▶ **Task statement**: Set down each entry exactly; omit images.

▶ **Referring expression grounding data**:
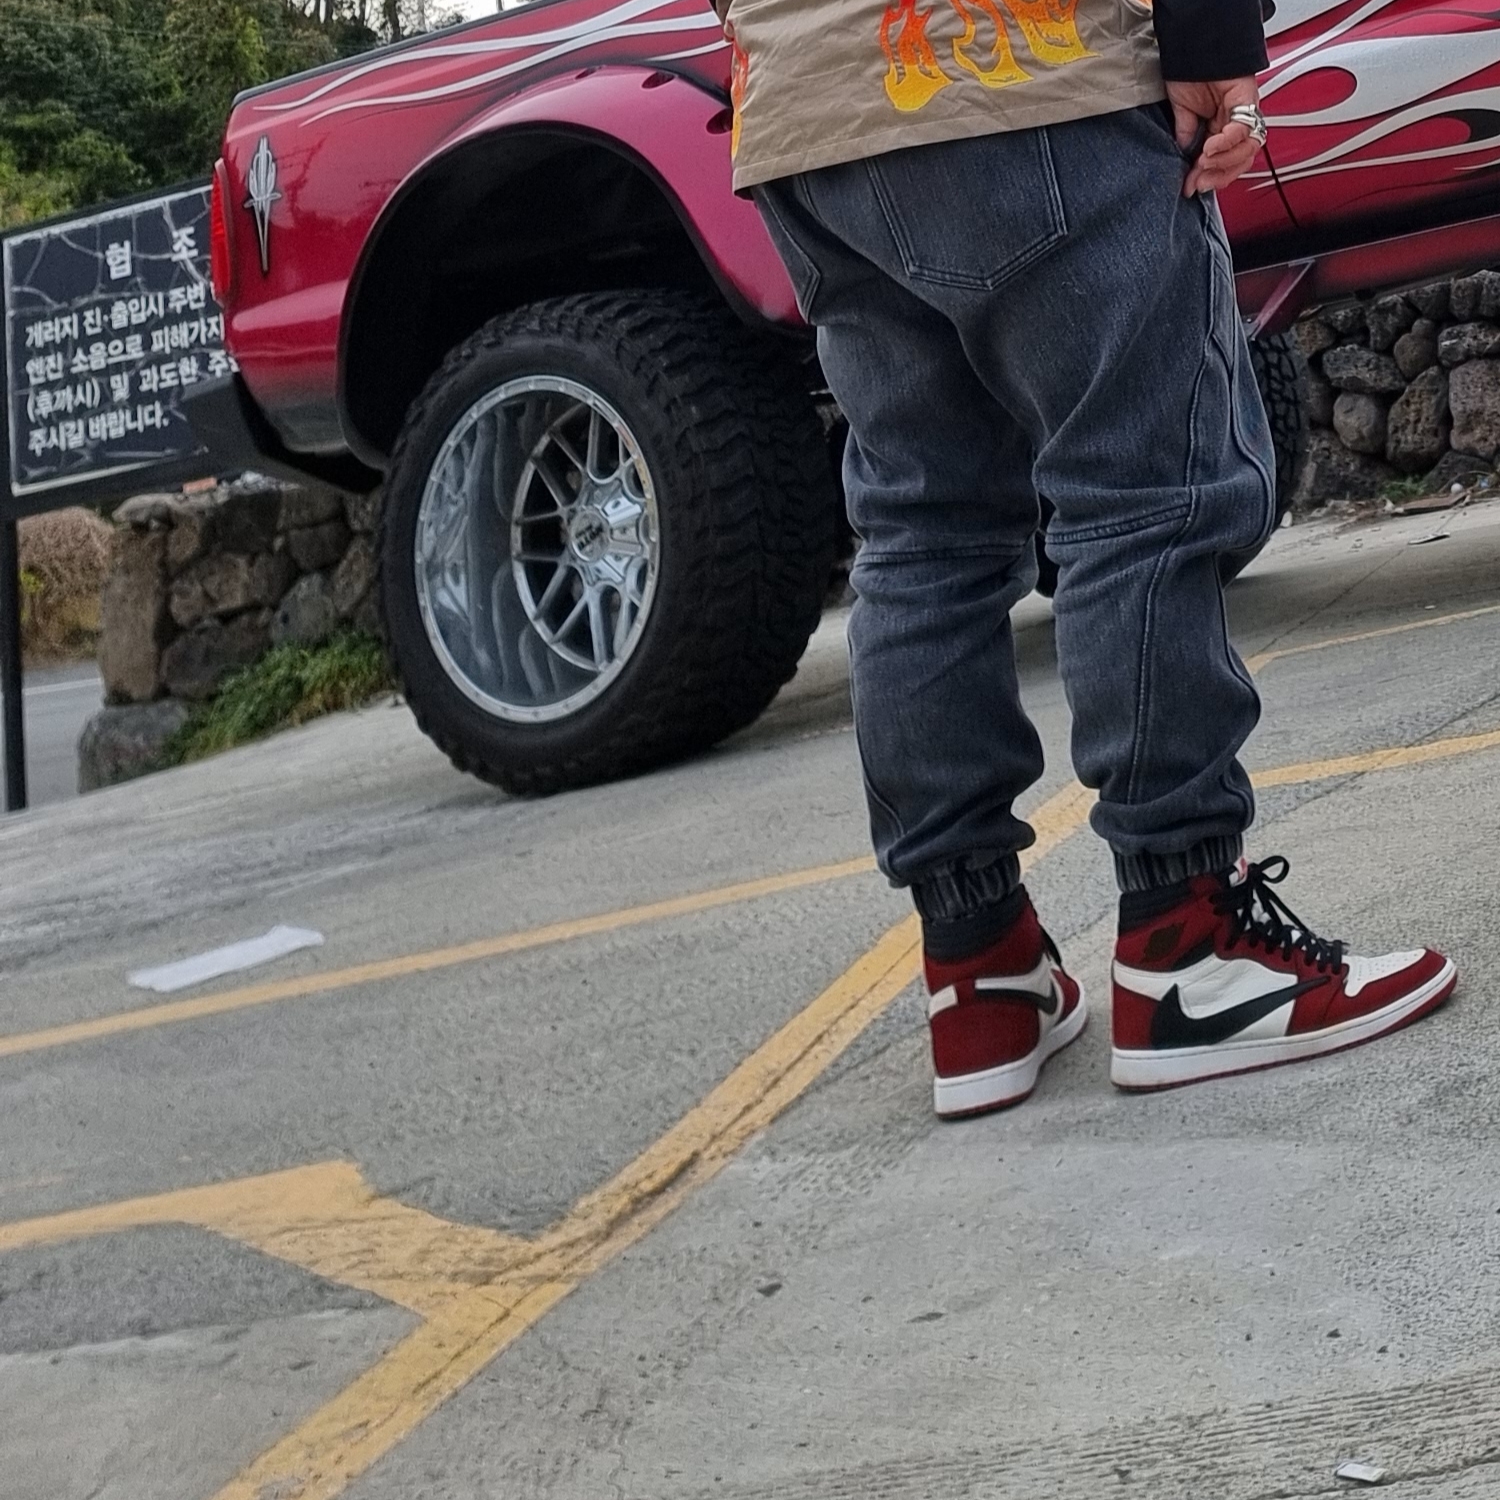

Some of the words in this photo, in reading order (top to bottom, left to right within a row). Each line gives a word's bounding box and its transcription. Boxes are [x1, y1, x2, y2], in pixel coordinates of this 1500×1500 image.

[105, 240, 132, 280] 협
[171, 226, 199, 262] 조
[168, 281, 206, 314] 주변
[26, 351, 64, 386] 엔진
[70, 333, 145, 374] 소음으로
[151, 312, 225, 355] 피해가지
[138, 355, 198, 393] 과도한
[28, 418, 85, 457] 주시길
[88, 400, 169, 442] 바랍니다.
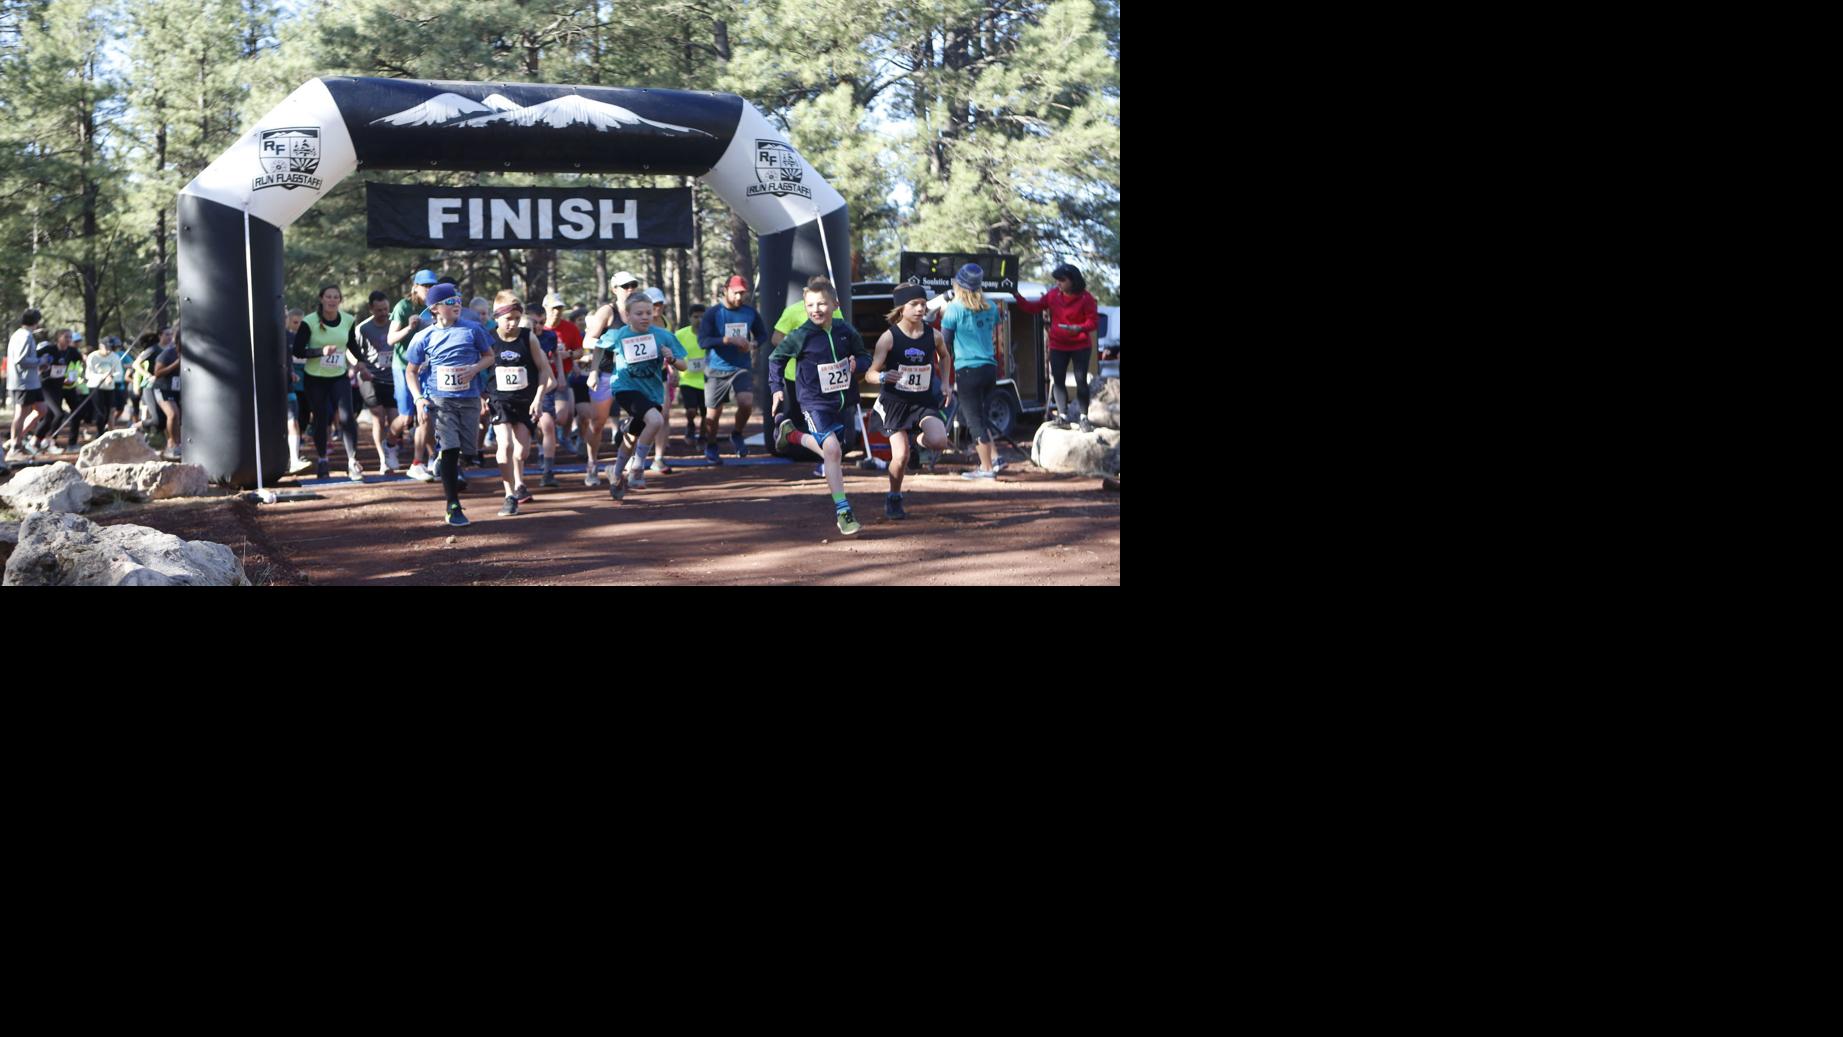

▶ **Answer box**:
Some of the words in this photo, in reading order (top to bottom, left to right within a row). Each line gives a word's bounding box and its transcription. Boxes are [x1, y1, x2, y2], in pixel coordinates of this 1500×1500 image.

[105, 240, 132, 280] 협
[171, 226, 199, 262] 조
[168, 281, 206, 314] 주변
[26, 351, 64, 386] 엔진
[70, 333, 145, 374] 소음으로
[151, 312, 225, 355] 피해가지
[138, 355, 198, 393] 과도한
[28, 418, 85, 457] 주시길
[88, 400, 169, 442] 바랍니다.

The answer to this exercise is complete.